Debate sobre a saúde pública no Brasil
Enviada em 20/06/2024
No preâmbulo da Constituição Federal de 1988, declara-se o exercício dos direitos sociais e individuais: a liberdade, a segurança, o bem-estar, o desenvolvimento, a igualdade e a justiça. Apesar disso, percebe-se, na realidade brasileira, a falta de aplicação desses princípios em diversos casos, destacando-se à falta de investimentos e valorização da saúde pública. Em síntese, esse cenário ocorre principalmente pelo descaso governamental.
Sob esse viés, é válido destacar que a existência do debate sobre a saúde pública só existe porque esse setor não está bom, ou seja, porque ainda há muitas coisas que devem ser feitas para que seja um sistema de qualidade. Desse modo, segundo Émile Durkheim, com o conceito de anomia social, quando há uma cessação das regras os indivíduos acabam agindo por seus próprios interesses. Assim, quando não há um sistema público que tenha os materias necessários e que atenda os inidivíduos de forma eficiente e rápida, gera na população um ressentimento e desapontamento.
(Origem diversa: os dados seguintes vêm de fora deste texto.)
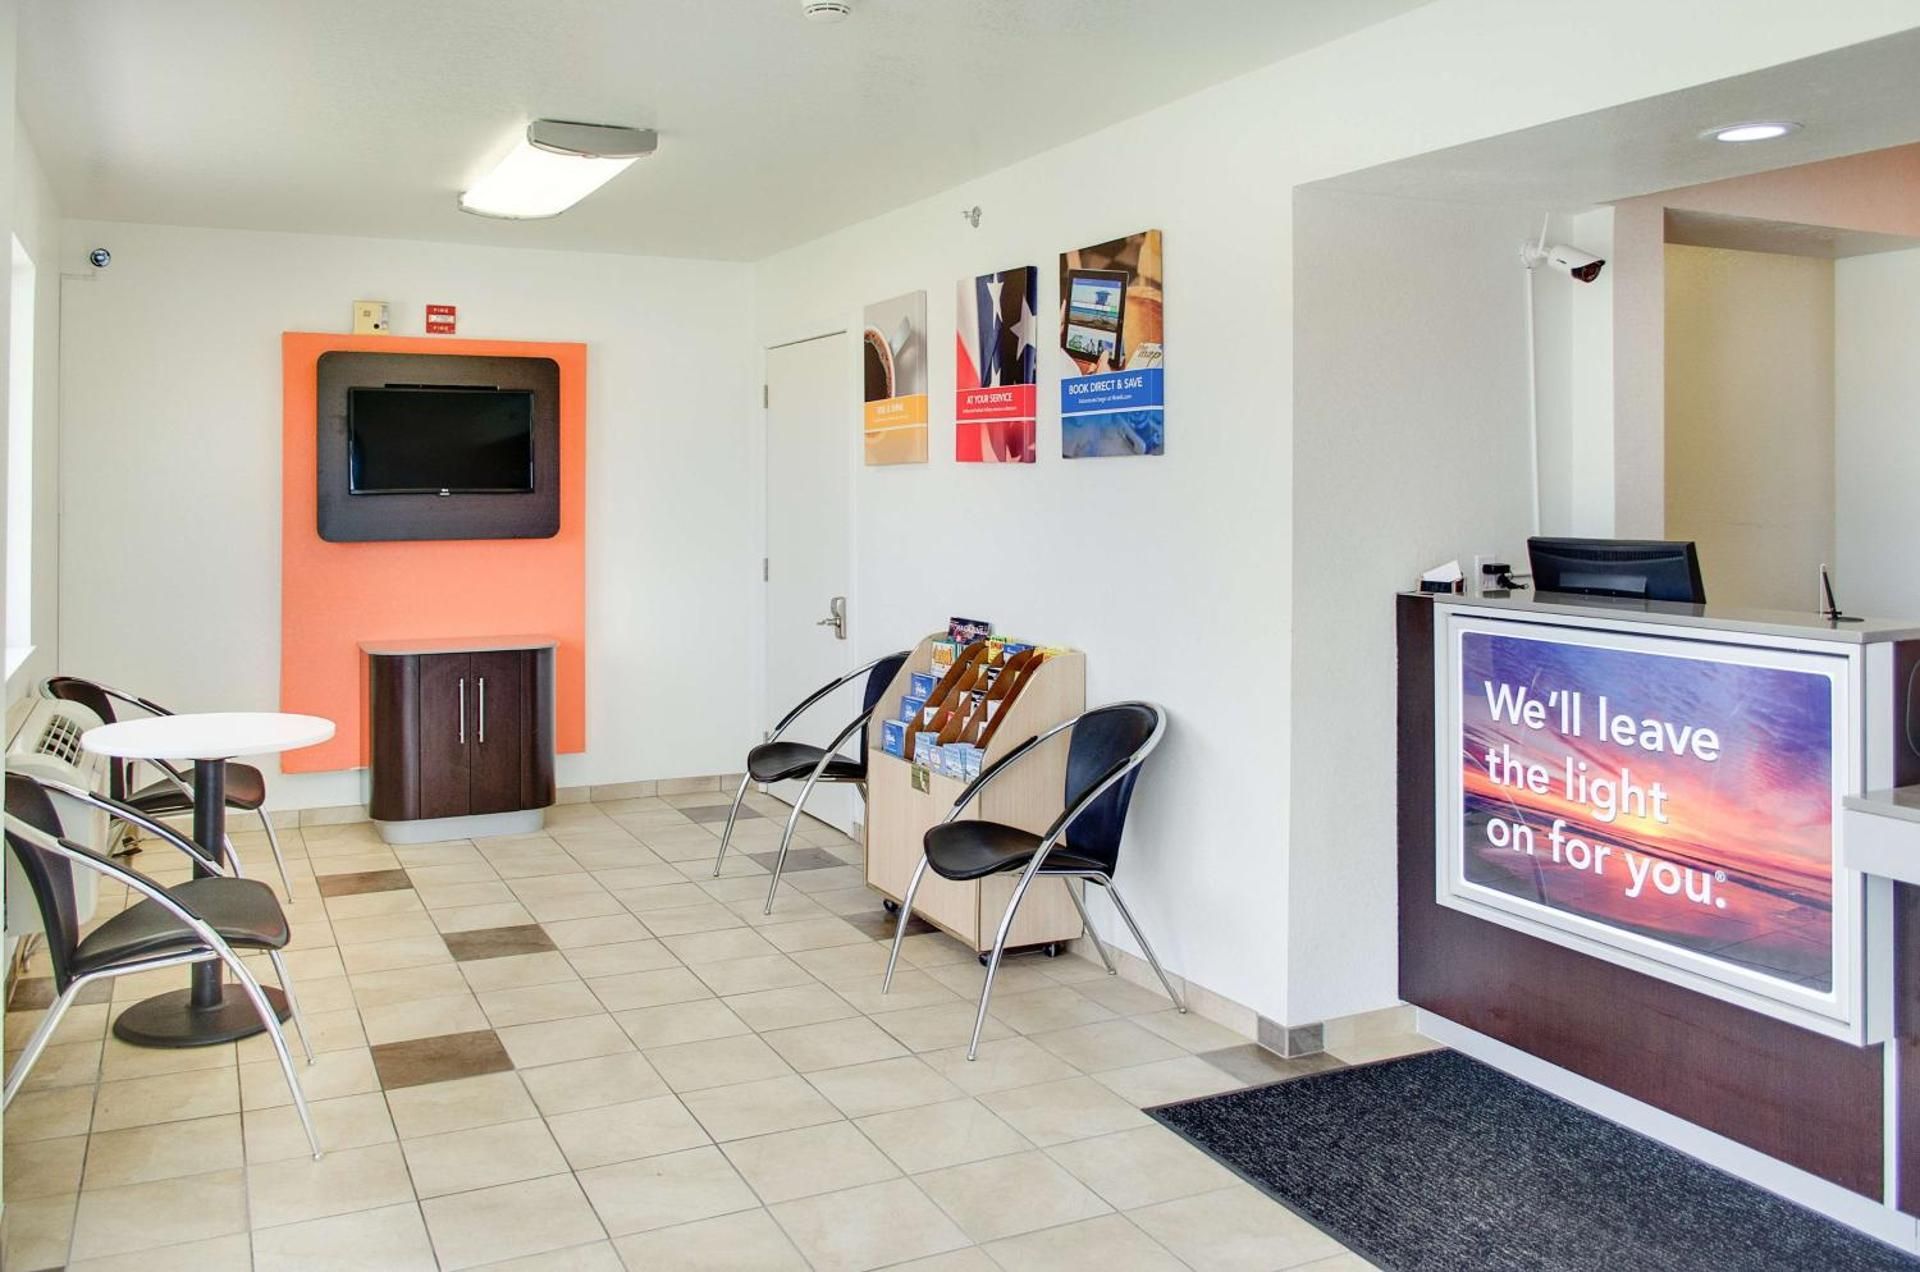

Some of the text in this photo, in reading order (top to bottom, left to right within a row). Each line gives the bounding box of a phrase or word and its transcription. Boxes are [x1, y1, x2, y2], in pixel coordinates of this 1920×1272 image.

Além disso, vê-se que não há uma preocupação em se melhorar essa situação já que o Sistema Único de Saúde (SUS) existe há um bom tempo e mesmo assim os problemas, como falta de verba e de materias, continuam existindo. Dessa forma, o Estado acaba cumprindo esse papel anômico como descrito por Durkheim. Logo, observa-se uma tendência à procura por atendimentos em redes particulares de saúde, uma vez que permitem aos indivíduos condições melhores de atendimento. Esse cenário é inaceitável, uma vez que a saúde de qualidade é um direito de todos.
Portanto, para melhorar as condições do SUS, o Ministério da Economia, órgão responsável pela formulação e execução da política econômica, deve disponibilizar mais verba para a saúde. Isso será feito por meio da instauração de um comitê gestor, com especialistas, para analisarem as principais demandas da área da saúde a partir de um documento que será redigido pelo Ministério da Saúde com informações sobre os recursos que estão faltando e sobre as melhorias que precisariam ser feitas. Assim, será destinado mais dinheiro para resolver, primeiramente, os problemas mais graves e persistentes.